Con queste parole viene introdotto il volume “Teatro d’oggetti. Appunti, citazioni, esercizi, raccolti da Giulio Molnàr”, pubblicato prima dell’estate da Titivillus e presentato la settimana scorsa a Torino in occasione del 16° festival di teatro di figura Incanti (che proseguirà fino al 4 ottobre).
Giulio Molnàr
(1950) è attore, autore e regista di origine ungherese; vive in Italia, lavora e collabora in giro per l’Europa. E’ inoltre docente alla Scuola d’Arte Drammatica Ernst Busch di Berlino presso la facoltà di Teatro di Figura, e da anni conduce laboratori di ricerca su una particolare scrittura scenica che si avvale come fonte di ispirazione dell’improvvisazione creativa tra attore e oggetto.

“L’animismo di Andersen si radica nel gioco infantile, nella voce delle cose, in un universo parallelo che è sussurro incontaminato che precede l’algida razionalità dell’adulto – spiega Alfonso Cipolla nell’introduzione – È la fisicità dell’oggetto a dettarne in qualche modo il sentimento. Va da sé che ogni oggetto, in quanto manufatto con proprie caratteristiche, possa avere una sua storia e un suo destino. Solo un soffio separa la riflessione di Molnàr dal racconto di Andersen: l’autonomia degli oggetti a fini di una pedagogia teatrale.

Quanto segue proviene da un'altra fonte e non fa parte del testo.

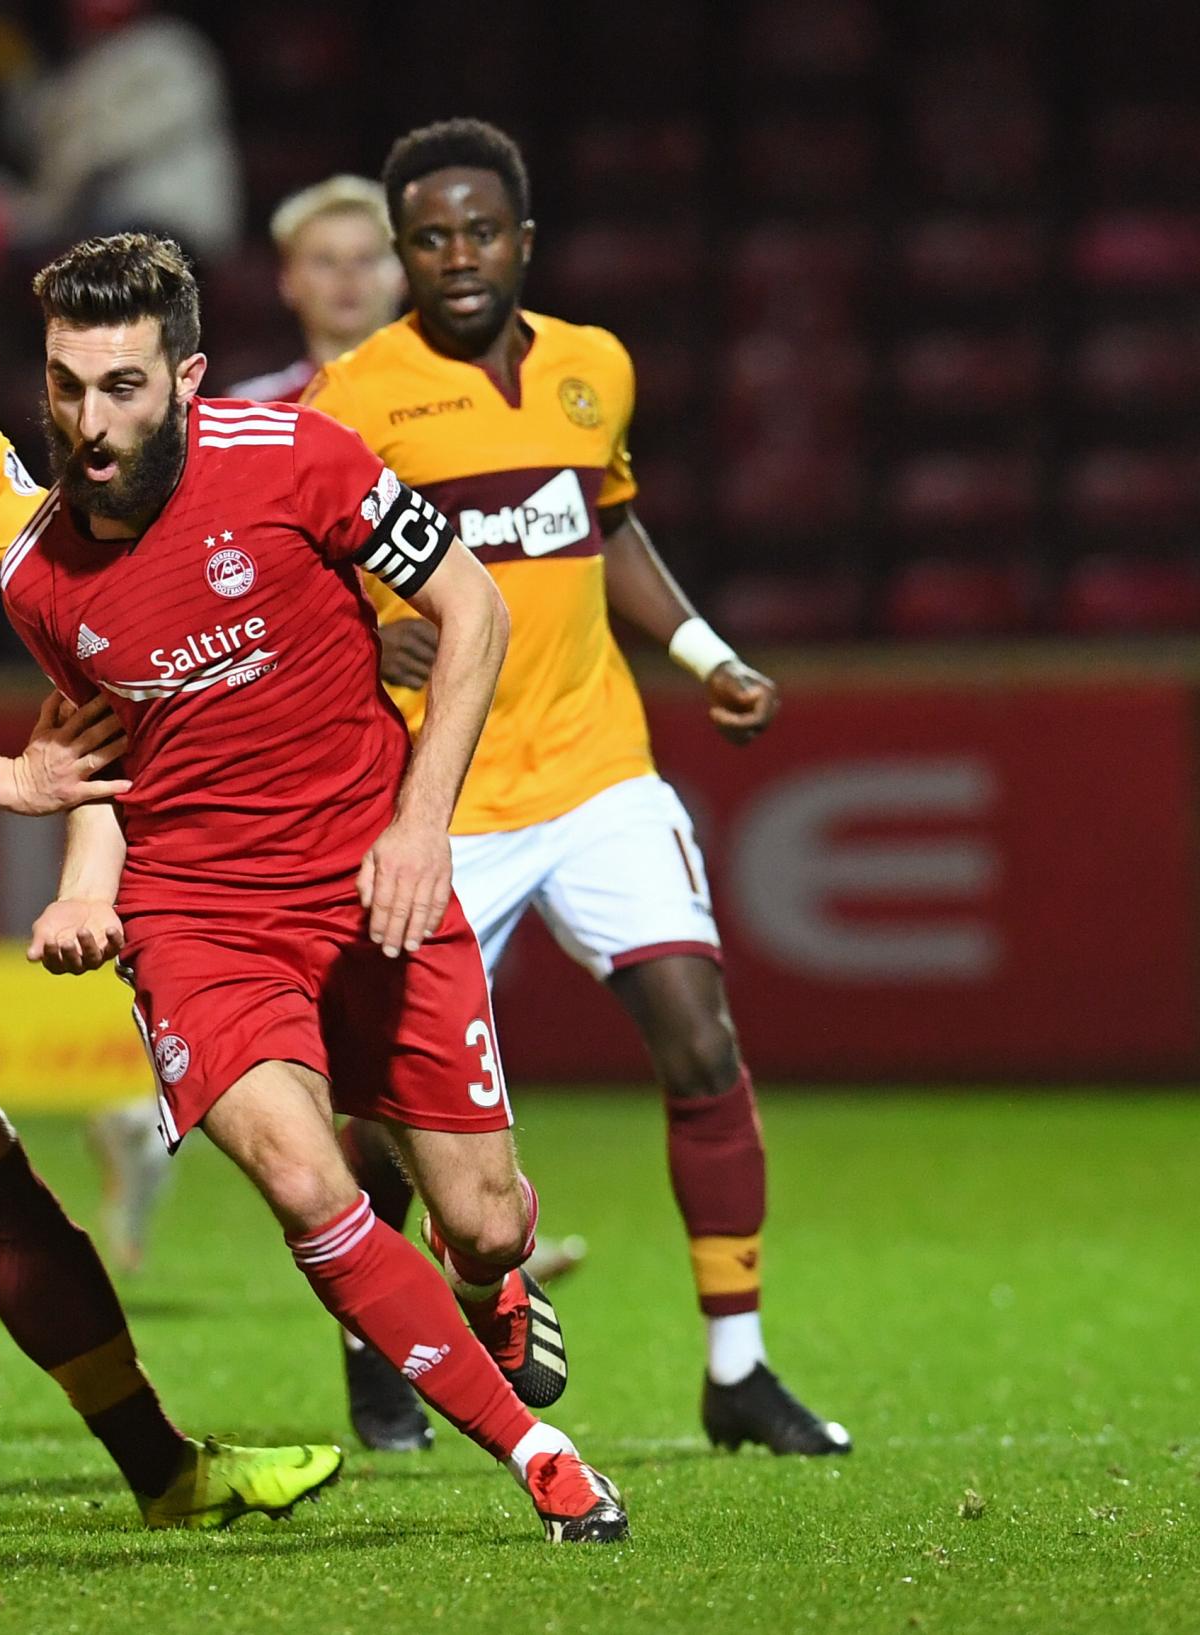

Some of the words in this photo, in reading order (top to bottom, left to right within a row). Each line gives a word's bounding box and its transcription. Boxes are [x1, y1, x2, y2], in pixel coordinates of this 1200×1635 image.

[76, 637, 110, 660] adidas
[150, 616, 267, 679] Saltire
[464, 1018, 501, 1108] 3
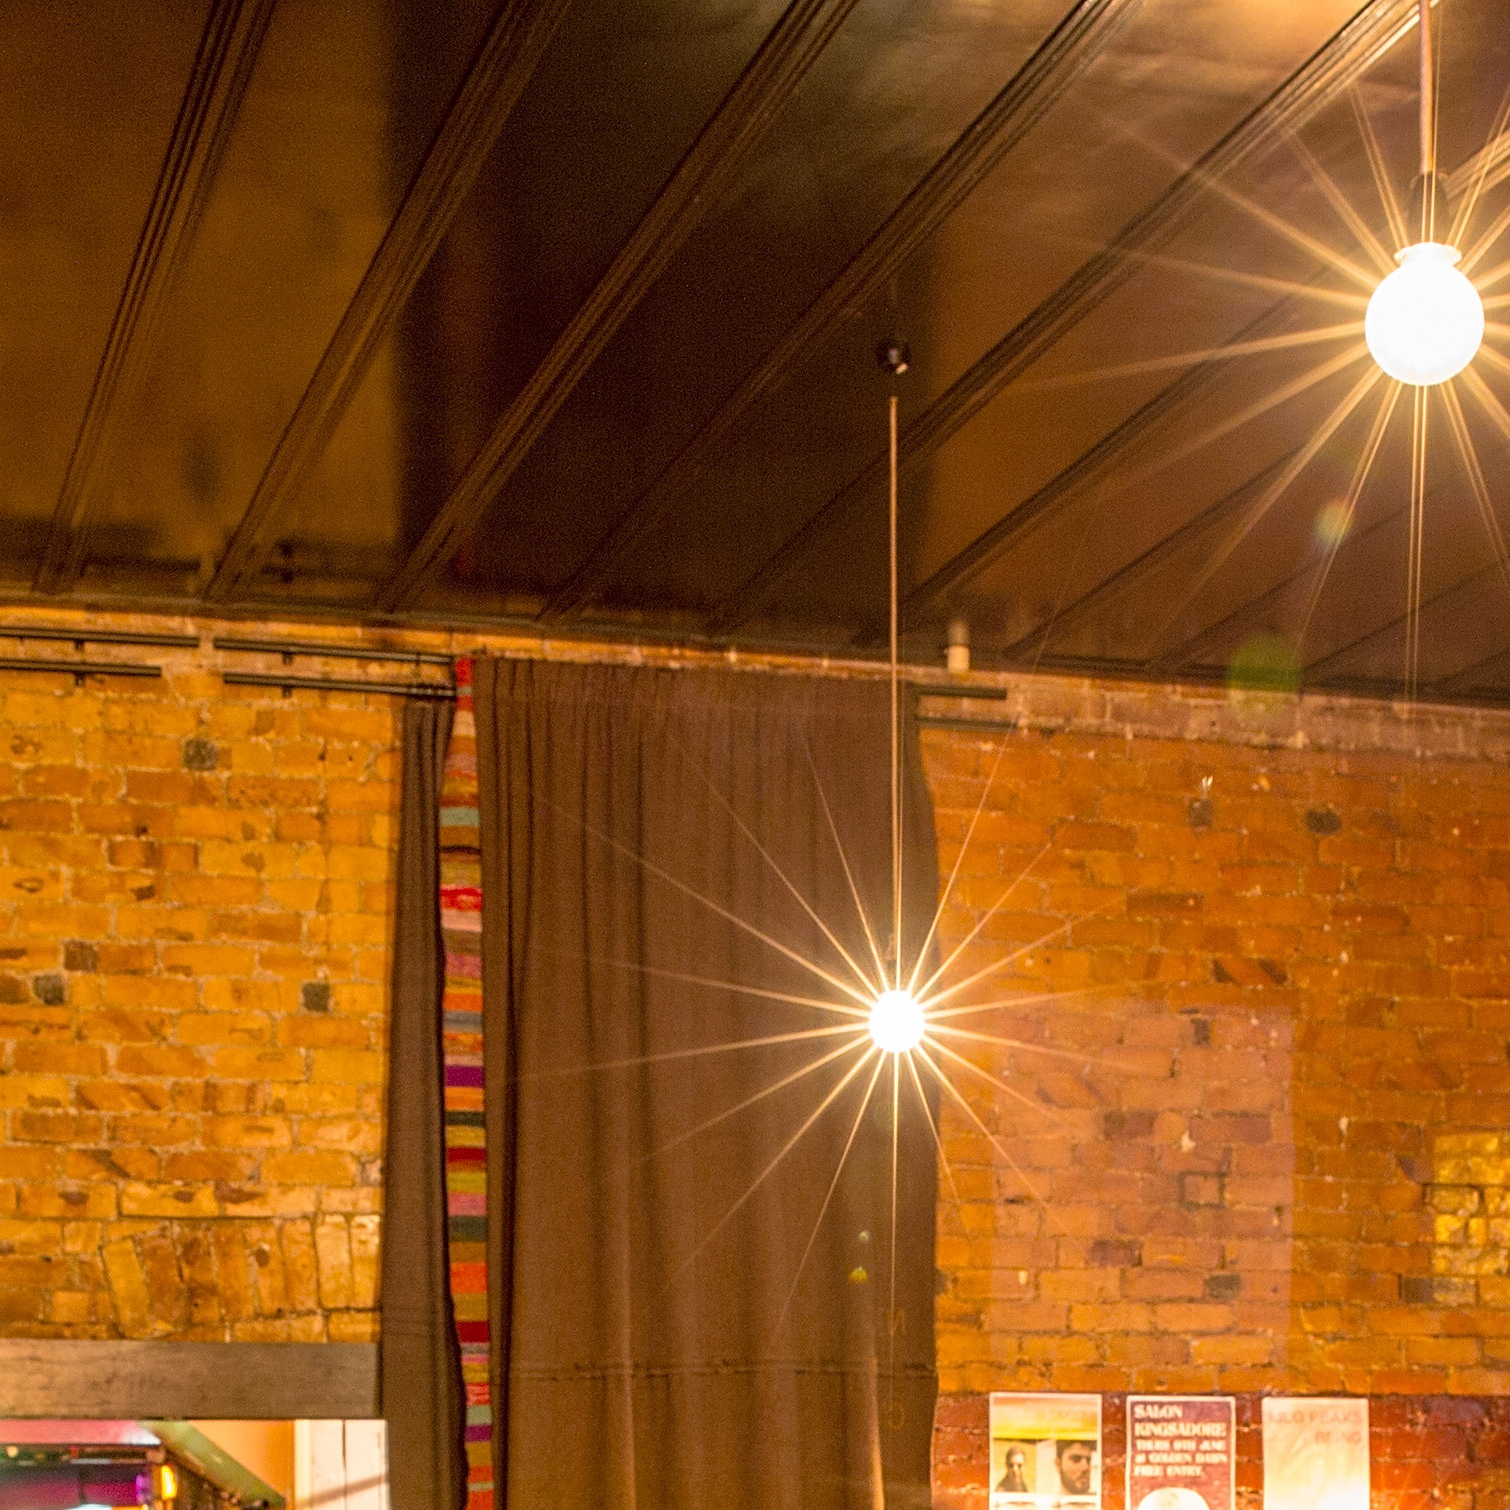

In Andersen l’uso fantastico degli oggetti genera una commedia. In Molnàr lo stesso uso genera un’azione teatrale – al tempo stesso giuoco e formazione dell’attore – che vive per se stessa, rendendo lo spettacolo superfluo. Gli esercizi riportati ne sono un segnale. Lo sguardo sugli oggetti induce a recitare, rivelandosi scuola di recitazione che muove dall’esterno per sommuovere l’interno. Il risultato è che l’oggetto mosso dall’uomo non si trasforma in semplice mezzo da usare per raccontare o rappresentare, ma è semmai l’uomo che diventa il ‘burattino’ dell’oggetto nello spazio, amplificandosi fino a diventarne una possibile coscienza aperta alle suggestioni più fascinose. In questo Molnàr è autentico pedagogo che insegna “la presenza degli oggetti nel lavoro teatrale”.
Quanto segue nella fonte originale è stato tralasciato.